EXERCISE REQUIREMENTS ▸
Lines before the one containing "this 1920×1440 image." are to be left out; that line and all after it, through the end of the material below, are to be written out exactly.

INPUT MATERIAL ▸
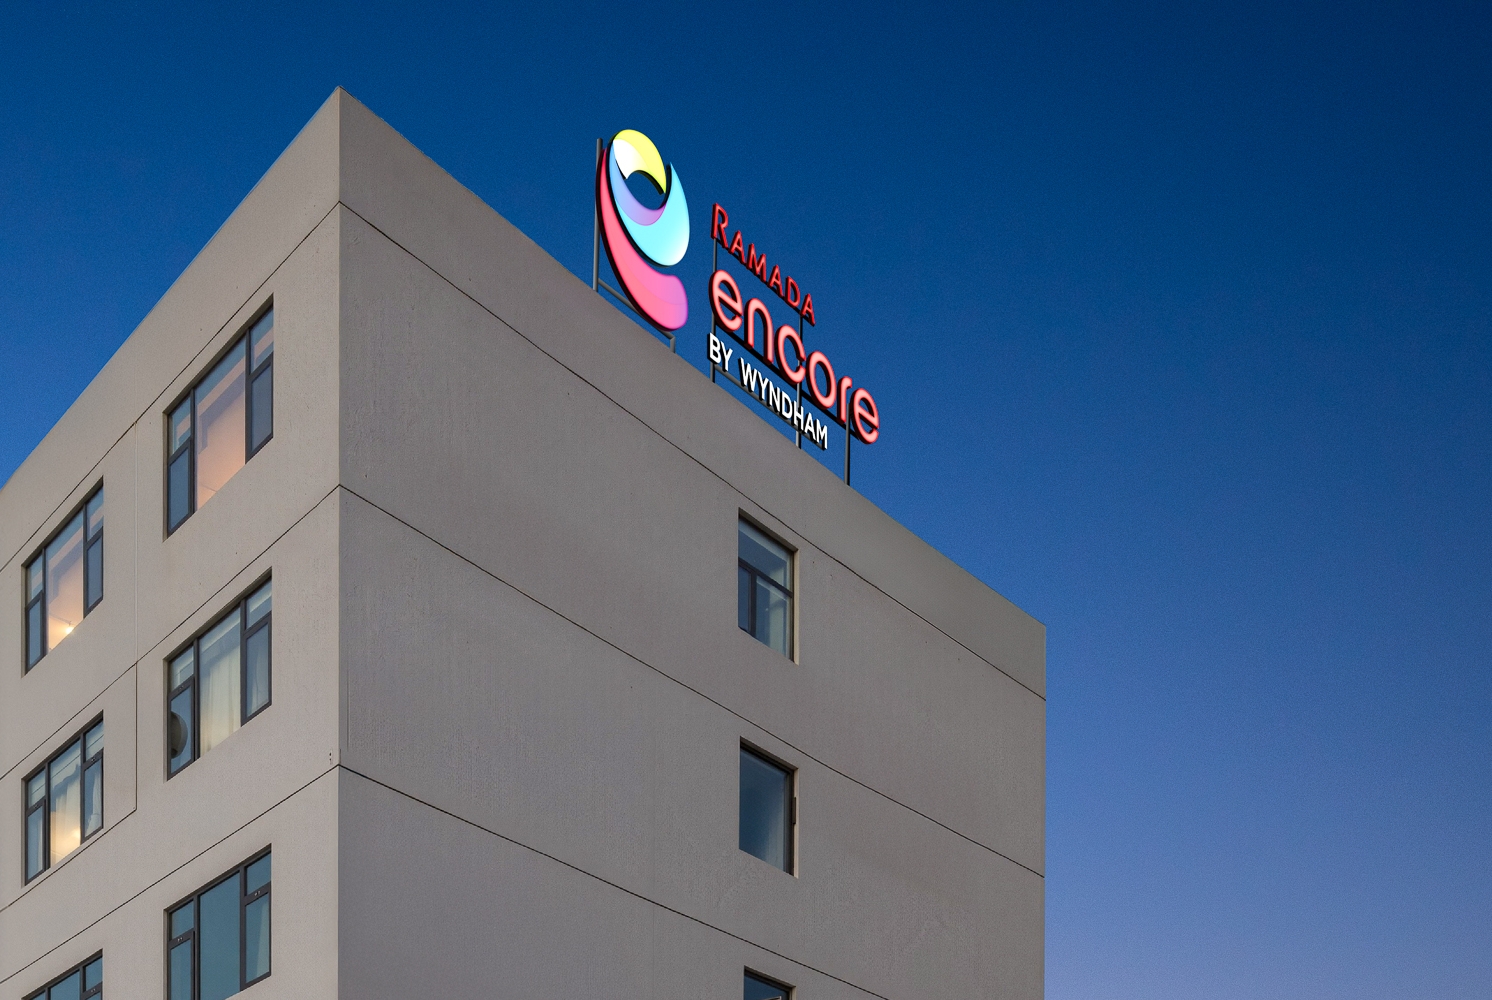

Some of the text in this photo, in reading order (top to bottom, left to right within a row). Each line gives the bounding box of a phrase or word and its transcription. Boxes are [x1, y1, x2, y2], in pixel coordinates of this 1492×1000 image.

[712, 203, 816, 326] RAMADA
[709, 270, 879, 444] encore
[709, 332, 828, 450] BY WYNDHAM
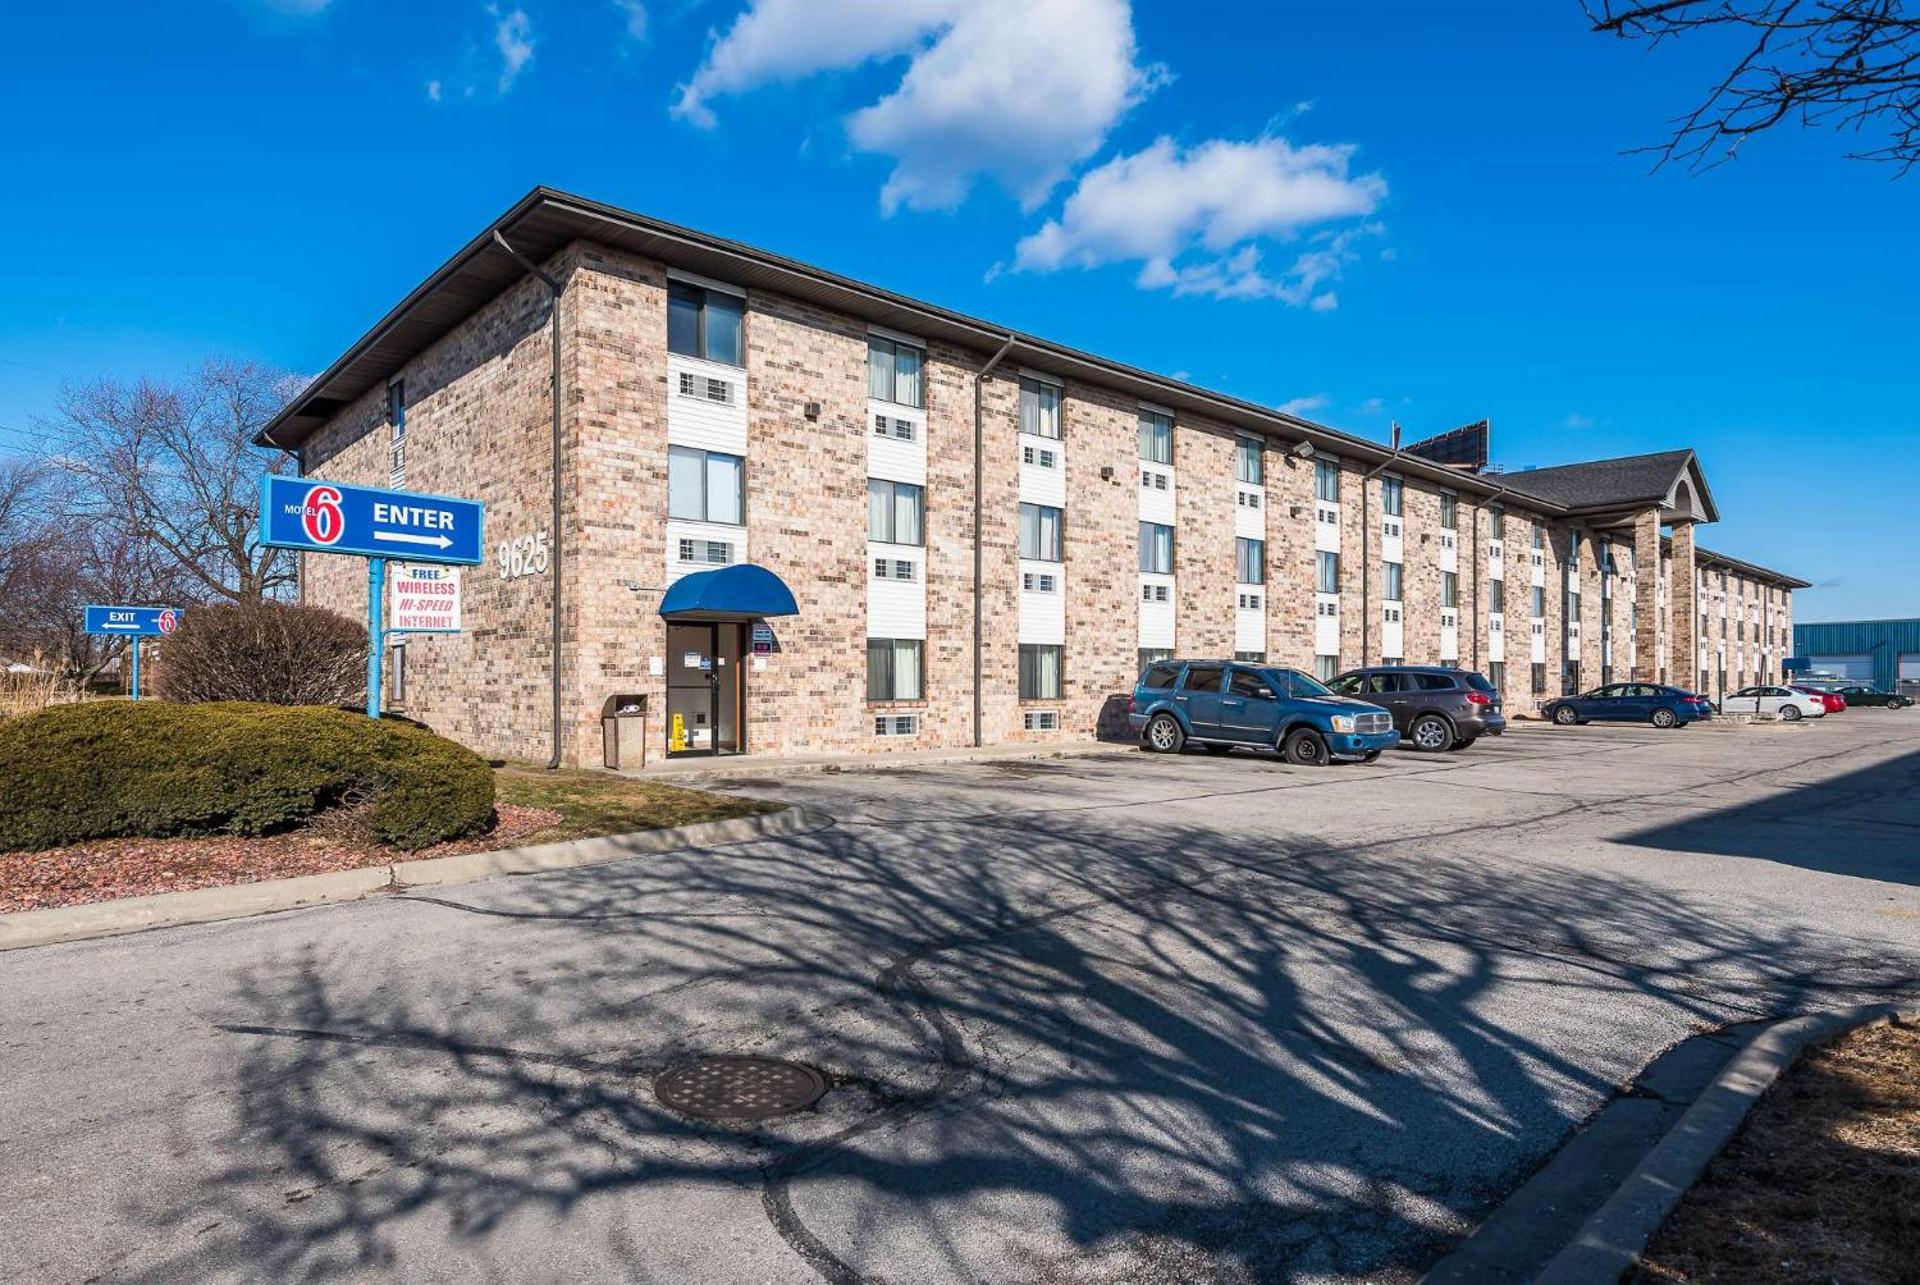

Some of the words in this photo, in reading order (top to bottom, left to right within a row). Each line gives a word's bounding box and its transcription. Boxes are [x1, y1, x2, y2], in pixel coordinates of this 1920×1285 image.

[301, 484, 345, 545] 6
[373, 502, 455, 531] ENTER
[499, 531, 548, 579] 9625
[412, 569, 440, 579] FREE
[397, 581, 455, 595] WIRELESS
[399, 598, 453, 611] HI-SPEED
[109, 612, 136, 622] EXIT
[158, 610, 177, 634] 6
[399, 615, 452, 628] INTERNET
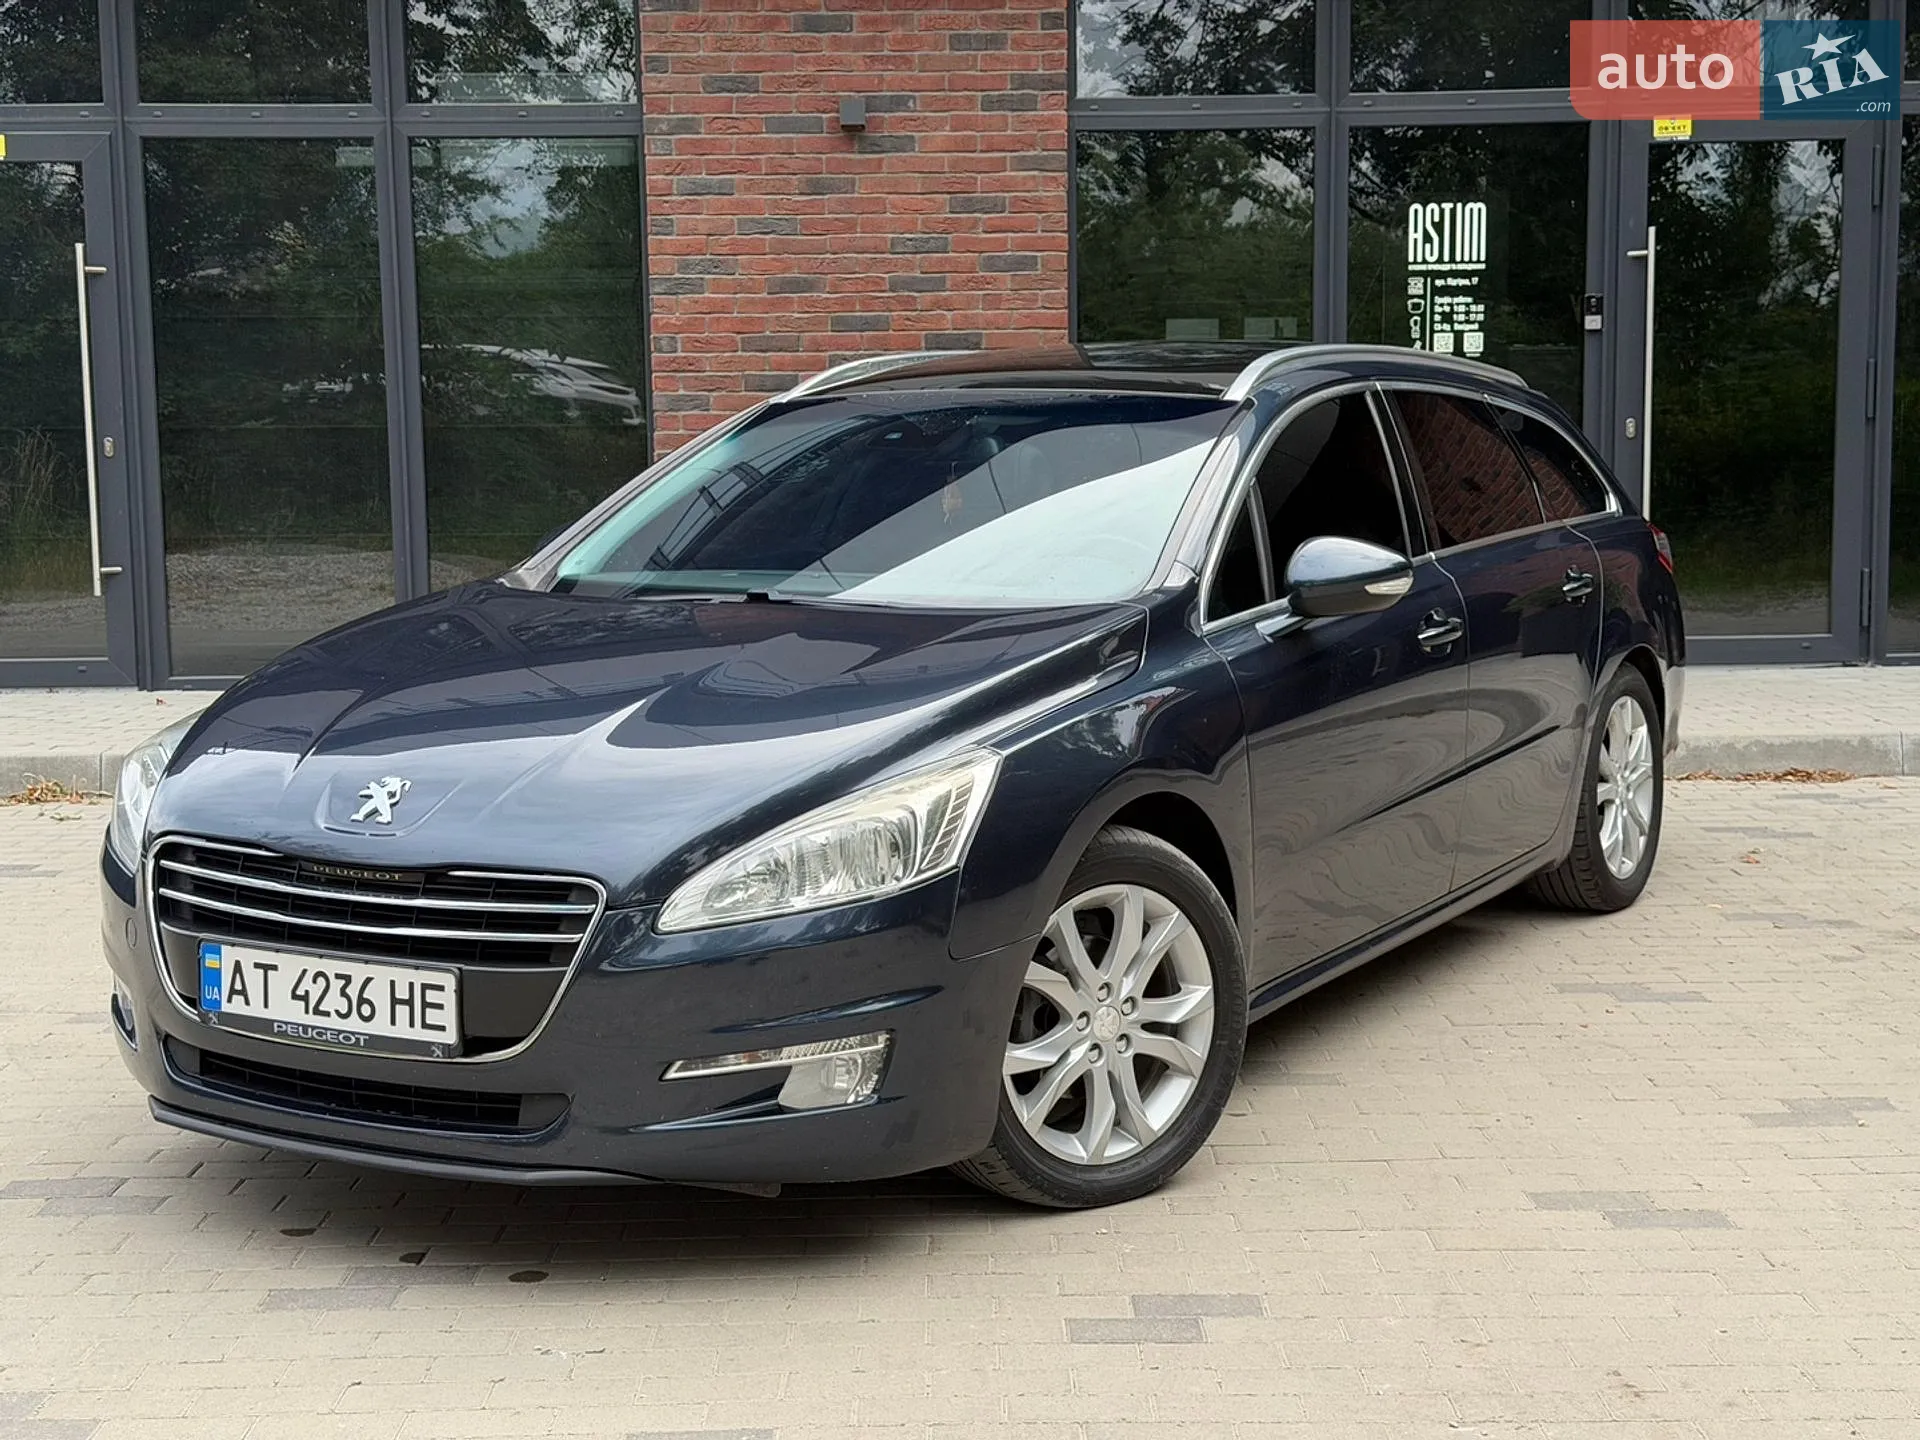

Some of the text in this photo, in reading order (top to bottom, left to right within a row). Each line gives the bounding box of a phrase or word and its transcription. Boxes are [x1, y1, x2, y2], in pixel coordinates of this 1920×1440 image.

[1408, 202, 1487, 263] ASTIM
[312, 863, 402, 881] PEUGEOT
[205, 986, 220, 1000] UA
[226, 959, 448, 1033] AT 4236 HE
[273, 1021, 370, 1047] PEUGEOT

TASK RESPONSE ▸
Some of the text in this photo, in reading order (top to bottom, left to right within a row). Each line gives the bounding box of a phrase or word and its transcription. Boxes are [x1, y1, x2, y2], in pixel coordinates of this 1920×1440 image.

[1408, 202, 1487, 263] ASTIM
[312, 863, 402, 881] PEUGEOT
[205, 986, 220, 1000] UA
[226, 959, 448, 1033] AT 4236 HE
[273, 1021, 370, 1047] PEUGEOT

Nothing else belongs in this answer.